Collected data

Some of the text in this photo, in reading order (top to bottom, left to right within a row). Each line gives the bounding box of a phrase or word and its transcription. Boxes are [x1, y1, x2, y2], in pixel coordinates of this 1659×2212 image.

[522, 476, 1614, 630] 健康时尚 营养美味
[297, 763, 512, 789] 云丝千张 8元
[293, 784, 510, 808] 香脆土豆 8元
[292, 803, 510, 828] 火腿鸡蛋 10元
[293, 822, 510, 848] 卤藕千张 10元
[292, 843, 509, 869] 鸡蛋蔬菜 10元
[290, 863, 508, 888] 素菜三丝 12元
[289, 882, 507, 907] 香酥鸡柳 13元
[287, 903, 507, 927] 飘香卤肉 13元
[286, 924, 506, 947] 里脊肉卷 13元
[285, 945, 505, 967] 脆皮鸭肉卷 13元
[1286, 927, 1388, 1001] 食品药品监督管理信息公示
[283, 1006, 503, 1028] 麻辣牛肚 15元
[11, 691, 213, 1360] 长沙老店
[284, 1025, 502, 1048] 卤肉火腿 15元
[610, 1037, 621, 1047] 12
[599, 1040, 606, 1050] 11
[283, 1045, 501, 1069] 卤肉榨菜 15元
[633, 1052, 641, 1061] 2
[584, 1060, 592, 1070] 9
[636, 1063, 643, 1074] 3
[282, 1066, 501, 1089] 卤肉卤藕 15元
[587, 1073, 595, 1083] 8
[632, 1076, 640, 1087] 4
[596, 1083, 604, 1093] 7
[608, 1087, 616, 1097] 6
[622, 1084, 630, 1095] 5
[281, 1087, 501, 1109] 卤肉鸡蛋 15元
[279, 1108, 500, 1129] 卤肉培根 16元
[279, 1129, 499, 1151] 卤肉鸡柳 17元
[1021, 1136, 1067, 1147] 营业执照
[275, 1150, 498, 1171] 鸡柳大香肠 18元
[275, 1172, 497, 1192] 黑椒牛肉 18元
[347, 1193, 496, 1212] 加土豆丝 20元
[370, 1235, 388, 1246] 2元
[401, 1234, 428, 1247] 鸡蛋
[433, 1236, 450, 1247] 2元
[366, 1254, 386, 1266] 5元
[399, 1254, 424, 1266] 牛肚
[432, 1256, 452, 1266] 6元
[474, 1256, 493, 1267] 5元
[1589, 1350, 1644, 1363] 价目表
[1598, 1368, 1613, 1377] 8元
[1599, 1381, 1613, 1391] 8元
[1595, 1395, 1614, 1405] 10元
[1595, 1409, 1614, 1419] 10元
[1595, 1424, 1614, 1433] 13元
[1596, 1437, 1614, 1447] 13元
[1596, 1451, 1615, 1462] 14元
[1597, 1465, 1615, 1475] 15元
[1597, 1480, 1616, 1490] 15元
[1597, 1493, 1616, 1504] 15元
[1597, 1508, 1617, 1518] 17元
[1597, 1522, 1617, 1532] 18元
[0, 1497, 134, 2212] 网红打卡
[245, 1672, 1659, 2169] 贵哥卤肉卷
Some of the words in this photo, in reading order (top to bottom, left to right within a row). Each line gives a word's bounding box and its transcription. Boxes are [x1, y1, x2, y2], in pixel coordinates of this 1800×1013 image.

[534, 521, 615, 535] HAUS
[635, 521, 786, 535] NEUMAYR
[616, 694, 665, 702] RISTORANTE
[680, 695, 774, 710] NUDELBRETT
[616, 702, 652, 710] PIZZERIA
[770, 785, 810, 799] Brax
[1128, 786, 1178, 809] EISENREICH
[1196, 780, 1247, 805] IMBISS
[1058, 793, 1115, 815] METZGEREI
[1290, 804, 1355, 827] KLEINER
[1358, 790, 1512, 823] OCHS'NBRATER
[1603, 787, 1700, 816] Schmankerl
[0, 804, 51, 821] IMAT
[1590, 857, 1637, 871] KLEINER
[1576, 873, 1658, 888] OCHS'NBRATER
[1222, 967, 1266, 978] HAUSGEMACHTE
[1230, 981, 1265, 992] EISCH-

*ASSIGNED TASK*: The required output is the line containing "Some of the words" through the last line of the records above, each copied exactly and nothing more.

*ANSWER TO THIS EXERCISE*:
Some of the words in this photo, in reading order (top to bottom, left to right within a row). Each line gives a word's bounding box and its transcription. Boxes are [x1, y1, x2, y2], in pixel coordinates of this 1800×1013 image.

[534, 521, 615, 535] HAUS
[635, 521, 786, 535] NEUMAYR
[616, 694, 665, 702] RISTORANTE
[680, 695, 774, 710] NUDELBRETT
[616, 702, 652, 710] PIZZERIA
[770, 785, 810, 799] Brax
[1128, 786, 1178, 809] EISENREICH
[1196, 780, 1247, 805] IMBISS
[1058, 793, 1115, 815] METZGEREI
[1290, 804, 1355, 827] KLEINER
[1358, 790, 1512, 823] OCHS'NBRATER
[1603, 787, 1700, 816] Schmankerl
[0, 804, 51, 821] IMAT
[1590, 857, 1637, 871] KLEINER
[1576, 873, 1658, 888] OCHS'NBRATER
[1222, 967, 1266, 978] HAUSGEMACHTE
[1230, 981, 1265, 992] EISCH-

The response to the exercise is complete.